:: Exercise inputs ::
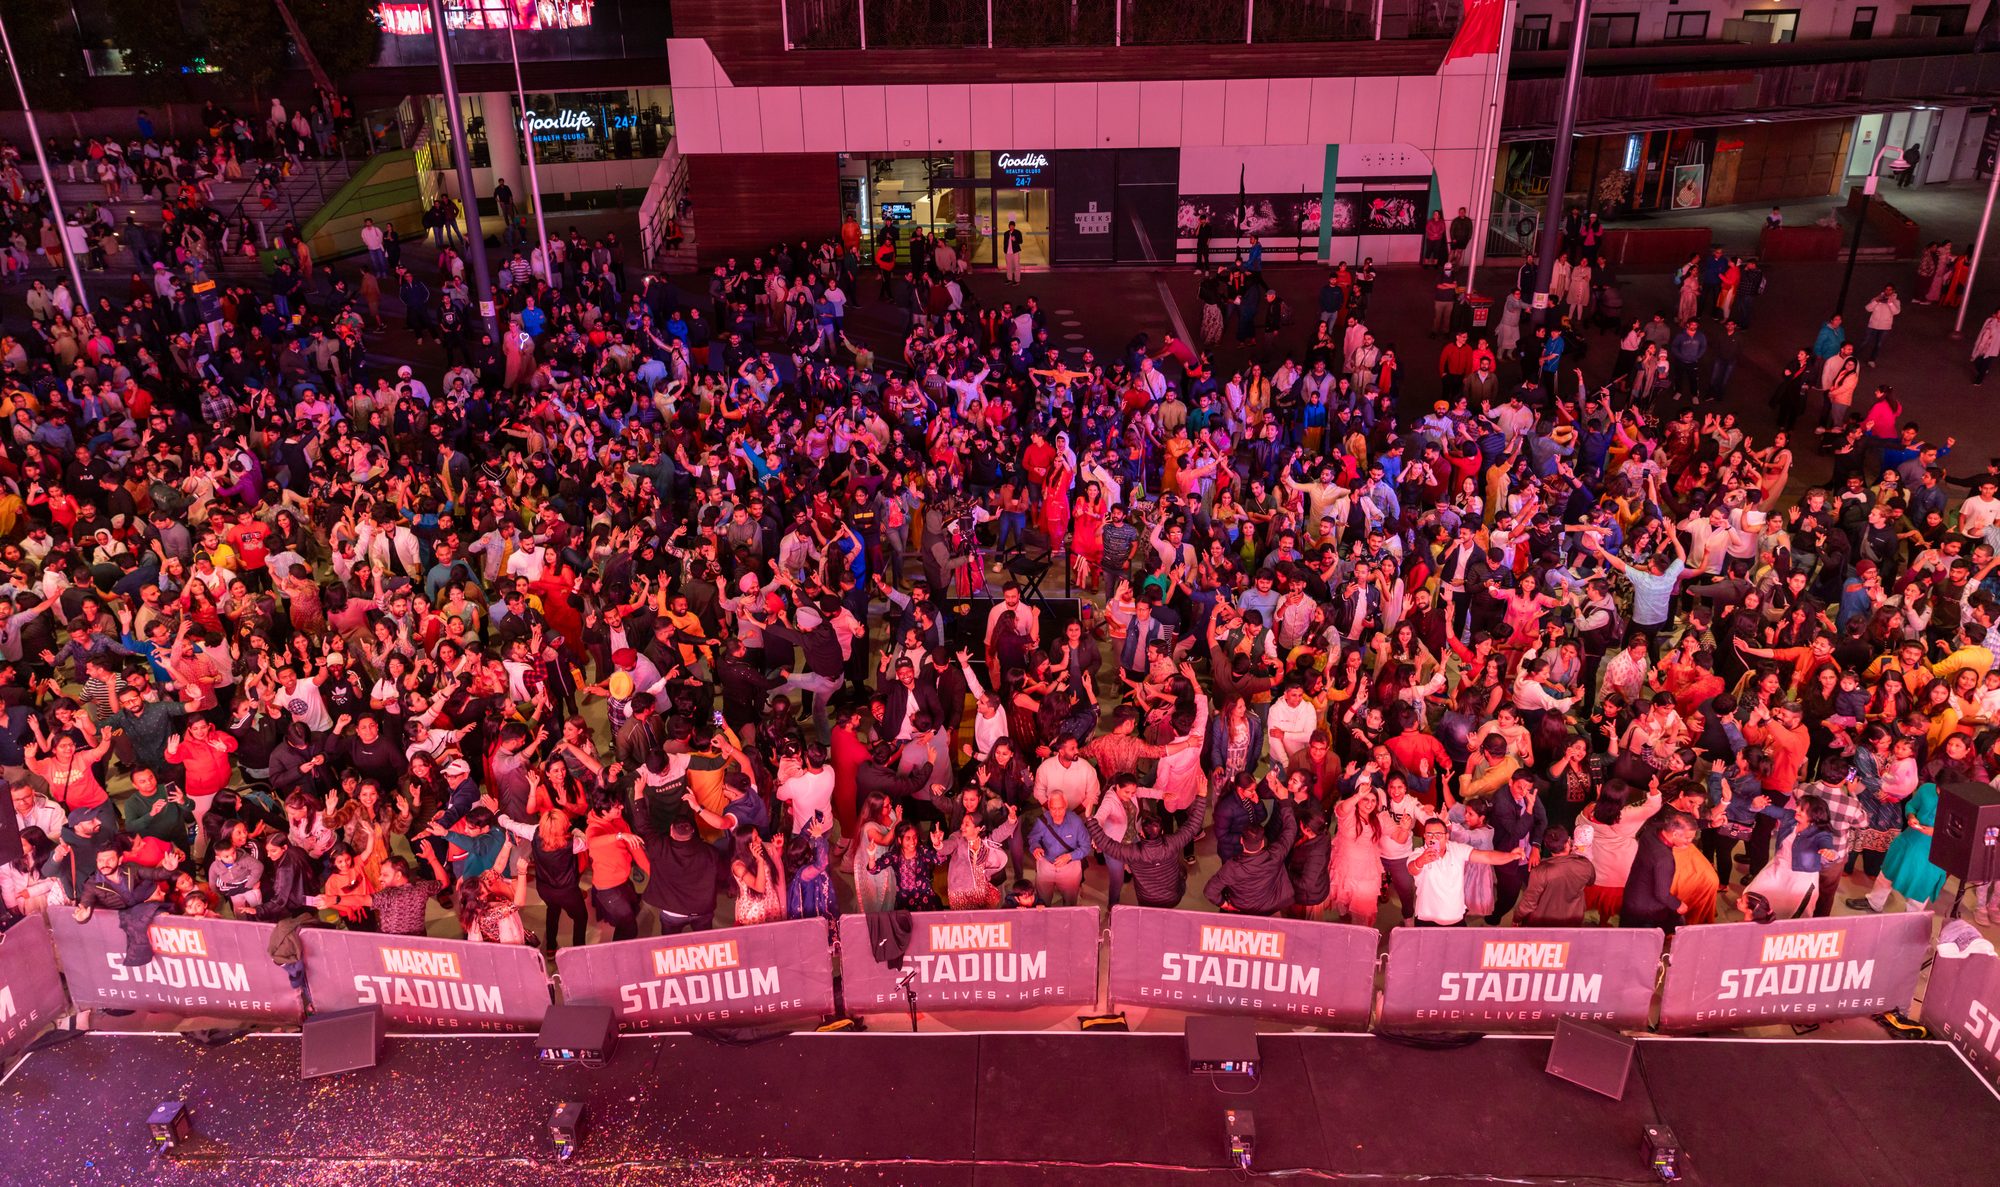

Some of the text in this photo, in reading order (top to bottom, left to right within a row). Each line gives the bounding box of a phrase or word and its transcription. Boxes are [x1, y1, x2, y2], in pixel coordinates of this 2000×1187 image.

[533, 132, 586, 142] HEALTH CLUBS
[150, 926, 206, 955] ARVEL
[931, 924, 1009, 950] MARVEL
[1202, 927, 1281, 957] MARVEL
[1762, 932, 1839, 962] MARVEL
[382, 949, 460, 978] MARVEL
[654, 943, 737, 975] MARVEL
[1482, 943, 1564, 968] MARVEL
[1161, 952, 1320, 996] STADIUM
[1438, 972, 1603, 1003] STADIUM
[1717, 959, 1875, 1000] STADIUM
[98, 988, 272, 1011] EPIC LIVES HERE
[353, 975, 504, 1014] STADIUM
[620, 966, 780, 1014] STADIUM
[942, 990, 996, 1000] LIVES
[1020, 986, 1065, 1000] HERE
[1141, 986, 1336, 1017] EPIC LIVES HERE
[406, 1014, 526, 1032] LIVES HERE
[618, 998, 802, 1031] PIC LIVES HERE
[1416, 1009, 1461, 1019] EPIC
[1484, 1010, 1542, 1020] LIVES
[1696, 997, 1886, 1021] EPIC LIVES HERE
[1943, 1022, 1977, 1061] EPIC
:::
Work required
Word for word, return the material above; the pictures stay out.

Exercise solution
Some of the text in this photo, in reading order (top to bottom, left to right within a row). Each line gives the bounding box of a phrase or word and its transcription. Boxes are [x1, y1, x2, y2], in pixel coordinates of this 2000×1187 image.

[533, 132, 586, 142] HEALTH CLUBS
[150, 926, 206, 955] ARVEL
[931, 924, 1009, 950] MARVEL
[1202, 927, 1281, 957] MARVEL
[1762, 932, 1839, 962] MARVEL
[382, 949, 460, 978] MARVEL
[654, 943, 737, 975] MARVEL
[1482, 943, 1564, 968] MARVEL
[1161, 952, 1320, 996] STADIUM
[1438, 972, 1603, 1003] STADIUM
[1717, 959, 1875, 1000] STADIUM
[98, 988, 272, 1011] EPIC LIVES HERE
[353, 975, 504, 1014] STADIUM
[620, 966, 780, 1014] STADIUM
[942, 990, 996, 1000] LIVES
[1020, 986, 1065, 1000] HERE
[1141, 986, 1336, 1017] EPIC LIVES HERE
[406, 1014, 526, 1032] LIVES HERE
[618, 998, 802, 1031] PIC LIVES HERE
[1416, 1009, 1461, 1019] EPIC
[1484, 1010, 1542, 1020] LIVES
[1696, 997, 1886, 1021] EPIC LIVES HERE
[1943, 1022, 1977, 1061] EPIC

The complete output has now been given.